Pocas veces hablé con él, pero en muchas ocasiones pude sentir el goce de sus poemas. Primero, cuando aparecían en las páginas de El Adelanto, casi siempre con motivo del Día de la Poesía, acompañados de otros escritos por poetas locales (Josefina Verde, Aníbal Núñez, Félix Grande García, Jesús García Ledesma...).

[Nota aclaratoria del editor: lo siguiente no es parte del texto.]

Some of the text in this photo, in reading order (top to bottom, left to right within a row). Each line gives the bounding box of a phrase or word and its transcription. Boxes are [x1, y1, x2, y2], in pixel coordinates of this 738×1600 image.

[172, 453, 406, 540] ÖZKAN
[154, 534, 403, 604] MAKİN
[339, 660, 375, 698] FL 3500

Uno de ellos, con título "Primavera descuidada (El hombre)", quizás de finales de la década de los setenta, reza así:
El hombre, su mano
y su propio asesino
Entrada ya la noche en la crisma del hombre
más allá de la calle
puñada del humo.
Se acerca así el que llega
miserable a ser preso
lo vano del poder.
Pero no hagáis tampoco más la calavera
con el puño de la estrella.
Acribillar las purgas.
Devolver vuestra mirada a ver si estáis
en el diente del verdugo
acuchillado.
Entrada ya la noche,
quizás otro traidor repita sus maracas
por aquello de que no es.
Ataca como es su flor de luto.
El hombre desafía, como se va a morir
en la brutalidad con todos sus amigos.
¡Escucha
y oye, hombre,
zapato y tierra
fría!
Mientras la tierra entierra a su manera,
el mar se bebe el fondo de otro ahogado sin noche.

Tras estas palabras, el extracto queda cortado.